I am begging for prayers today.
Saturday, March 22, 2014
Posted by Faith makes things possible at 12:23 PM
Friday, March 14, 2014
Well, here I am.
Currently 14.4 weeks pregnant with number 2.
Still in awe that we are here again so soon and still so thankful.
I realized that I announced and then sort of dropped off the face of the earth. I, like so many others, have every intention of blogging more often but then things get busy, or I worry my posts will be boring and well...then I don't blog and find myself months after my last post.
I'd promise that I will work on that, but to be honest...who the heck knows.
I did want to do a follow up from my previous "announcement" post though, to talk about my progesterone throughout this pregnancy in hopes that I am able to give someone out there who suffers with PCOS or crappy progesterone hope.
Because sometimes that hope is all that keeps us going when the going gets so hard.

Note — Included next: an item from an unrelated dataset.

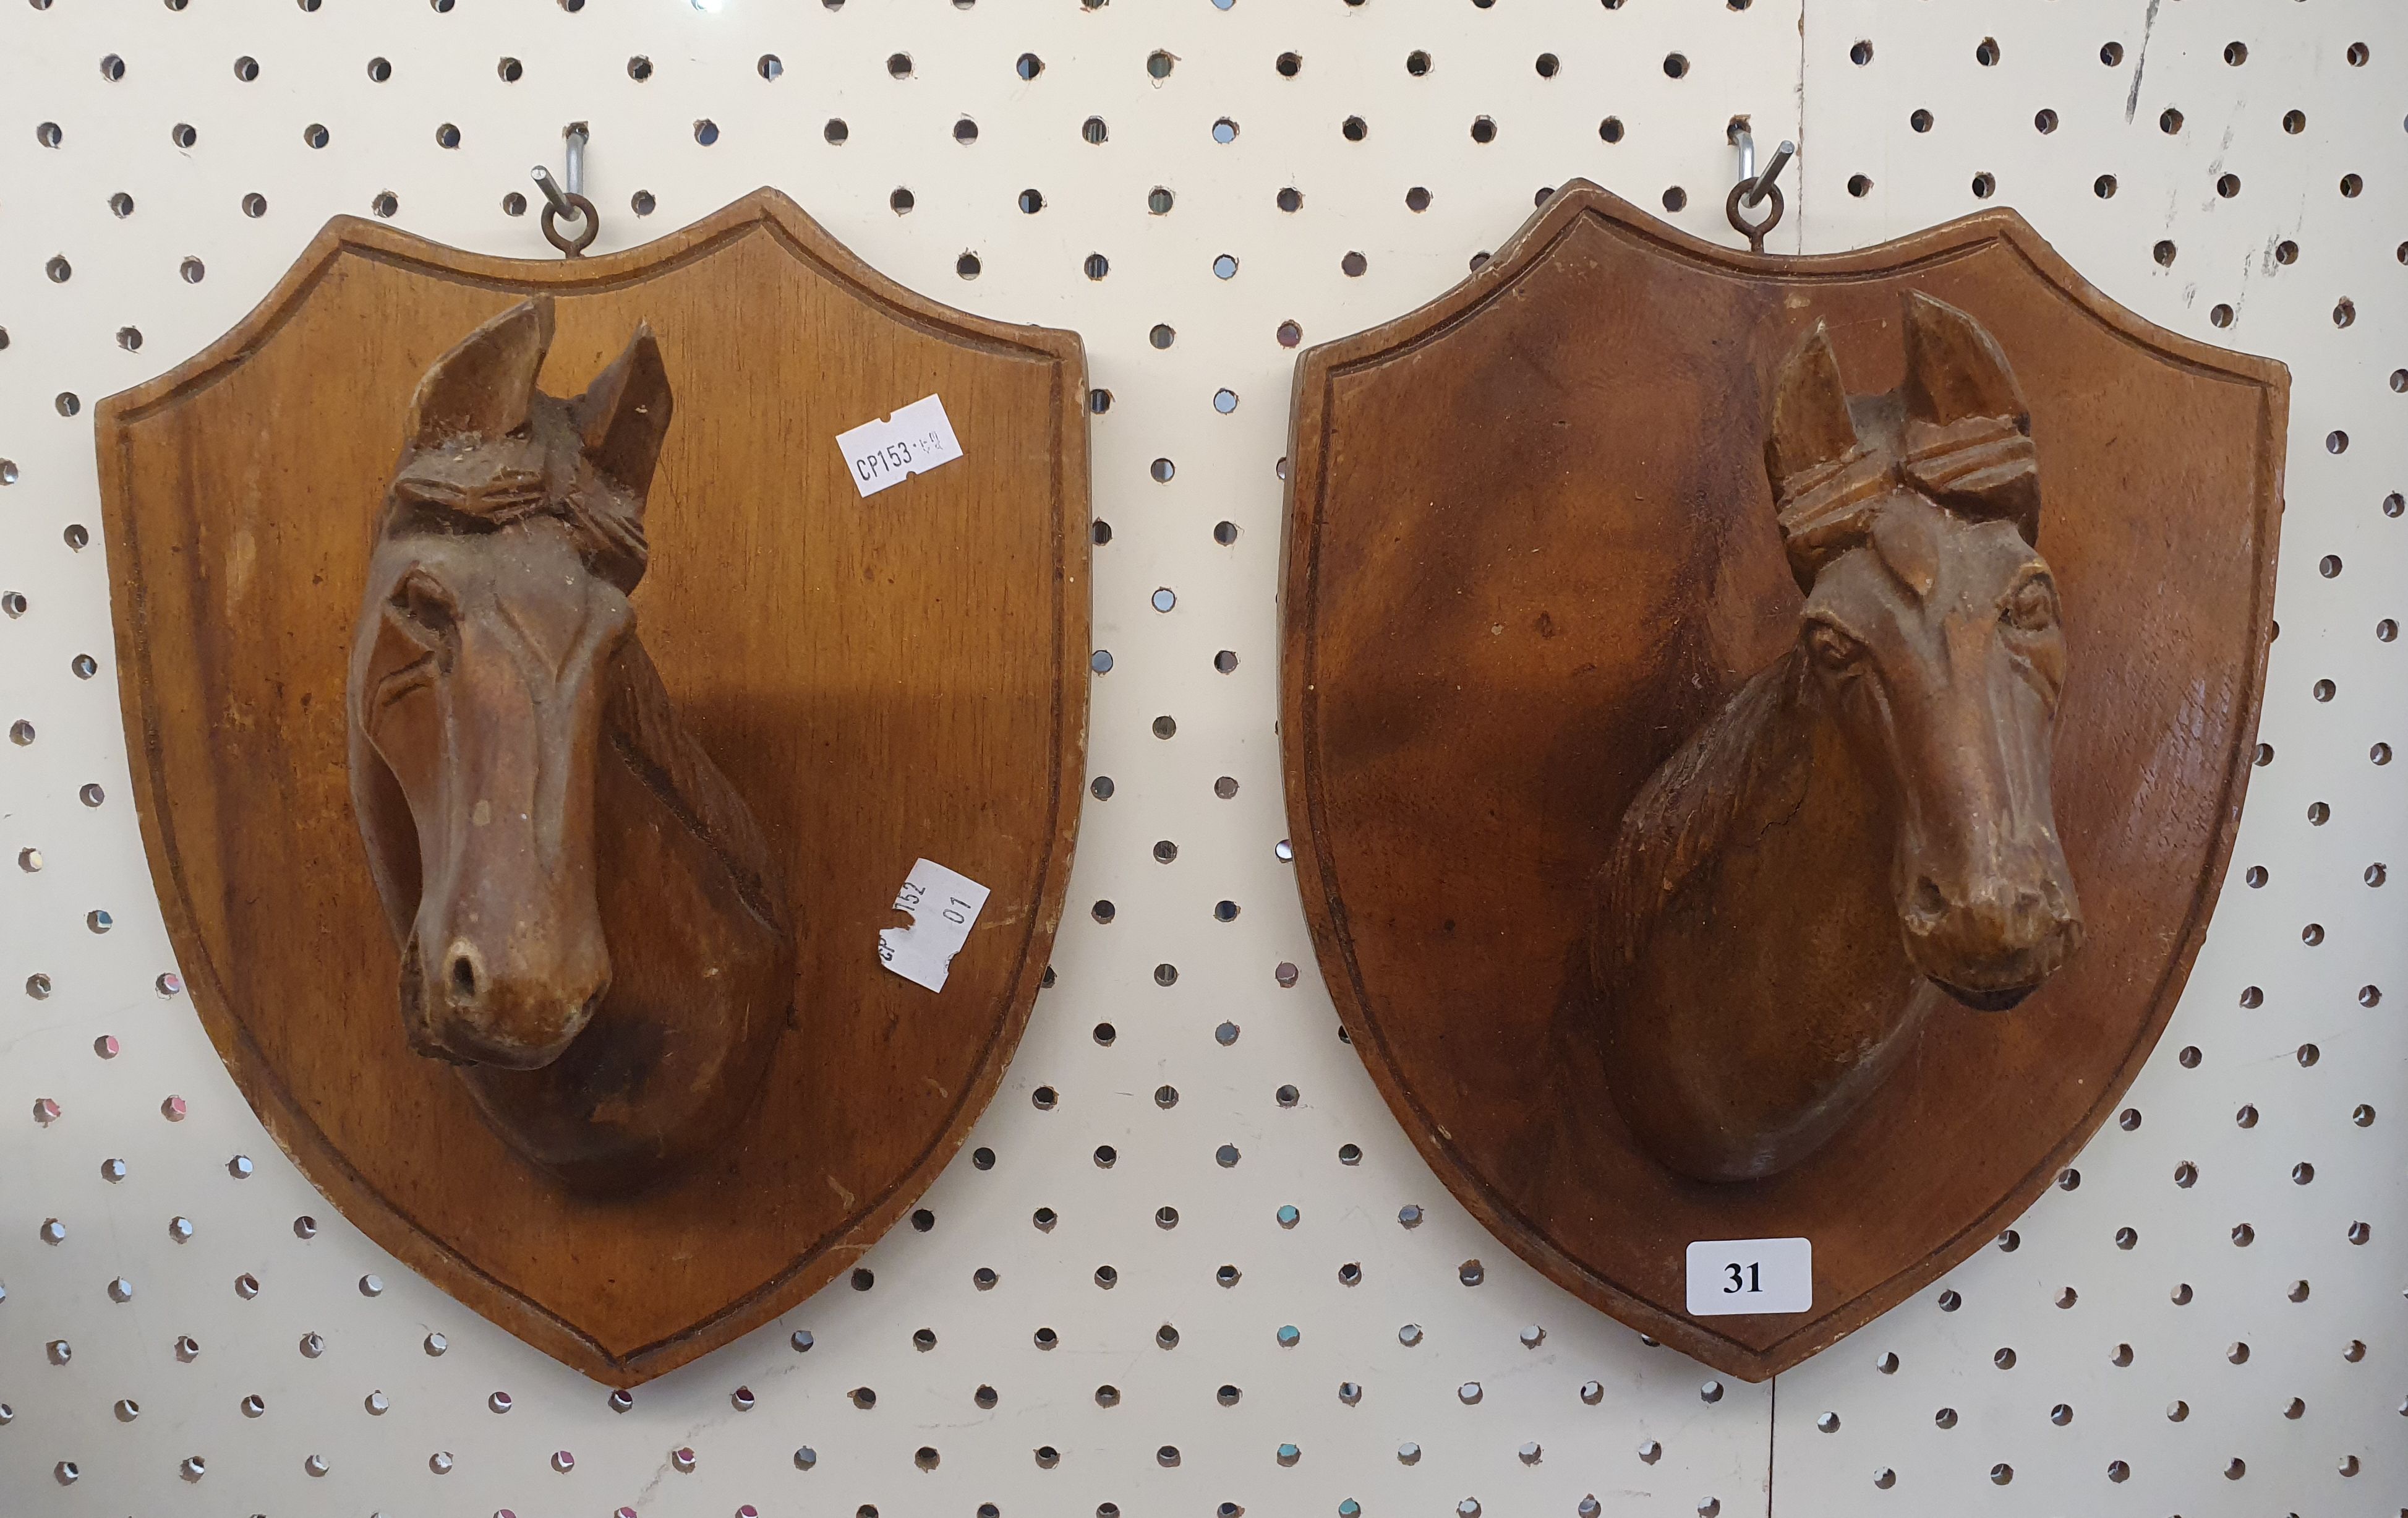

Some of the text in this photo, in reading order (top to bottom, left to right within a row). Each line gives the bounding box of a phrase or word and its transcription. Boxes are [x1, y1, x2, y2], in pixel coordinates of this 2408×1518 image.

[894, 882, 926, 911] 152
[942, 896, 971, 924] 01
[1723, 1262, 1764, 1293] 31

My progesterone this time around has not been great, just like with my first. I had mentioned before that I really thought that since it was "easier" for us to conceive this time around that maybe my body would know what to do. Well, I'm grateful my body knew to ovulate (heck, possible only 2 times in our nearly 7 years of marriage...but I'll take it!) this time around, and so soon after the last time but one thing I've learned...progesterone and me don't jive. My body does not and may never be good at producing it's own progesterone.
I just remember being told so many times that with my numbers under 10, there was no way I ovulated and then of course I wouldn't test because, well...if a doctor tells you you didn't ovulate you trust them. But now, I see that the two times that I miraculously tested positive, my progesterone results following the BFP were a little over 6 and a little over 9. I think about if it had been a month that I was simply having blood work done I would have most likely been told that I had not ovulated and would have waited for my period to start...or in those cases, most likely miscarried. I don't want to think about if that was something that could have happened in the past...it's would hurt I think to think about it too long and too hard about possibly losing babies because I wasn't proactive or simply because I trusted my doctor...so I will not go there.

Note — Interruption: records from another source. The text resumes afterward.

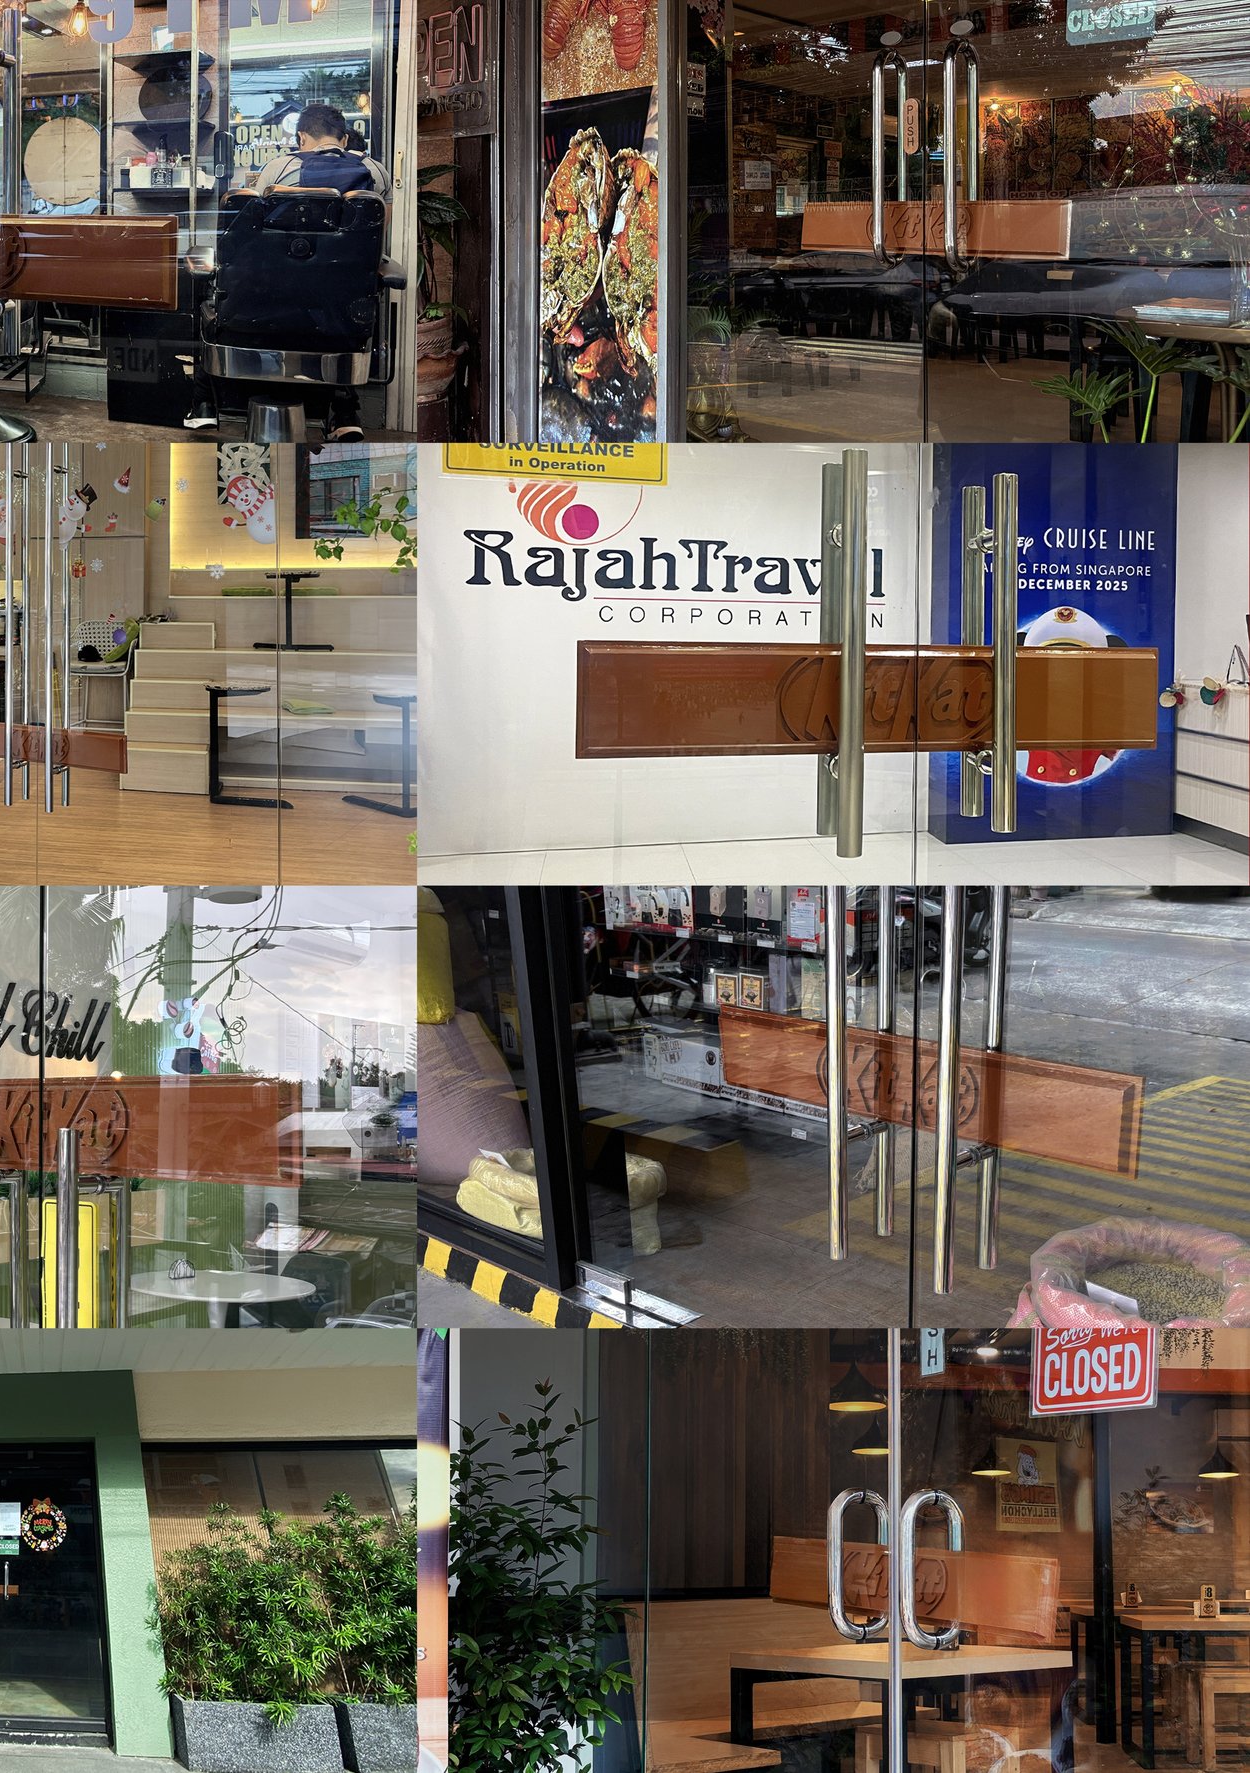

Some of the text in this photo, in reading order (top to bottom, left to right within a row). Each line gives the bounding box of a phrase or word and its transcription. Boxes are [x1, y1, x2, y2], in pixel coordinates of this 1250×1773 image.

[1067, 1, 1155, 34] CLOSED
[236, 124, 283, 146] OPEN
[906, 104, 915, 147] PUSH
[509, 457, 606, 472] in Operation
[1043, 527, 1108, 549] CRUISE
[1119, 529, 1155, 551] LINE
[1033, 563, 1070, 575] FROM
[1076, 564, 1151, 577] SINGAPORE
[1018, 578, 1128, 591] DECEMBER 2025
[599, 605, 883, 628] CORPORATN
[22, 988, 111, 1062] Chill
[1044, 1343, 1141, 1398] CLOSED

All I know now is that I have for sure ovulated twice and by the grace of God, am being monitored by the PPVI institute in Omaha.
My numbers so far have not left me feeling at ease by any means, but since I'm being monitored so closely and am on the PIO injections and oh so fun suppositories, I am able to let go and trust a lot more.
Here's my progesterone numbers so far:
4.5 weeks: 9.34
7 weeks: 18.53
9 weeks: 16.5
11 weeks: 15.8
13 weeks: 32.3
I'm not going to lie...the weeks where it dropped two times my heart sank...I was so worried that it was going down (and that it was so low!) but the nurses at PPVI reassured me that I was ok. I was SOOO thankful though when I got the call with my new results at 13 weeks...it went up and more than doubled! I definitely shed some tears of joy at that point.
I hope that others reading this see that with really crappy progesterone, as long as you are closely monitored, there is hope. I was telling a girlfriend who struggles with miscarriage (who I have working with the PPVI institute to monitor her now!!!!) that when we get our results back, if the HCG isn't doubling or if it's dropping, there's nothing we can do...but if our progesterone is crummy, we are able to do something. There is hope.
I just remember back to struggling and month after month getting back my progesterone results, comparing them to other bloggers or other charts online and just being devastated because it seemed so hopeless. My body seemed so broken.
I know now that's not the case.
I am still amazed that after hearing so many people tell me when I was pregnant with F that "oh you just wait and see, I hear that once you get pregnant after struggling, your body sorta knows how to work and you will be having babies after that with not problems!"
I always got a pit in my stomach hearing this because I didn't know. All I knew was that I had F and she could have very well been our one and only.
But somehow, it seems that my body did learn something from that time around. I'm by no means saying that every woman that struggles with PCOS and gets pregnant one time will have no issues getting pregnant again, but for me...the pregnancy with F definitely seemed to help.
Just not with my progesterone.
That's something I will always struggle with and I'm ok with that because I'm in such good hands with the PPVI.
Any other notes about the pregnancy?
-Well, it's been night and day from F. With her I was sick occasionally and with this one I was sick constantly throughout the first trimester and now I'll have random bouts of sickness. It could mean that its a different sex or it could mean that I'm just busier this time around with little miss.
-I have had two ultrasounds so far: one at 6 weeks where we saw the little apple seed and then the tiniest little flicker of a heartbeat. Simply amazed at something so tiny. Then I had another appt at 10 weeks and we were able to see little arms and legs and movement, which pretty much took my breath away.
-I heard the heartbeat at 9.2 weeks and that's a sound that is up there on my favorite sounds of all times.
-In about a week and a half we will find out who this little one is...some days I think boy some days I think girl. Either way we will be excited.
And that about sums it up...this post has turned out to be waaaay longer than I anticipated, I guess I really needed to get a lot out! I don't comment very often but pray daily for all you ladies-especially those still deep in the throws of IF.
Like I said, I wont promise that I will post more but I will at least say I will TRY and post more!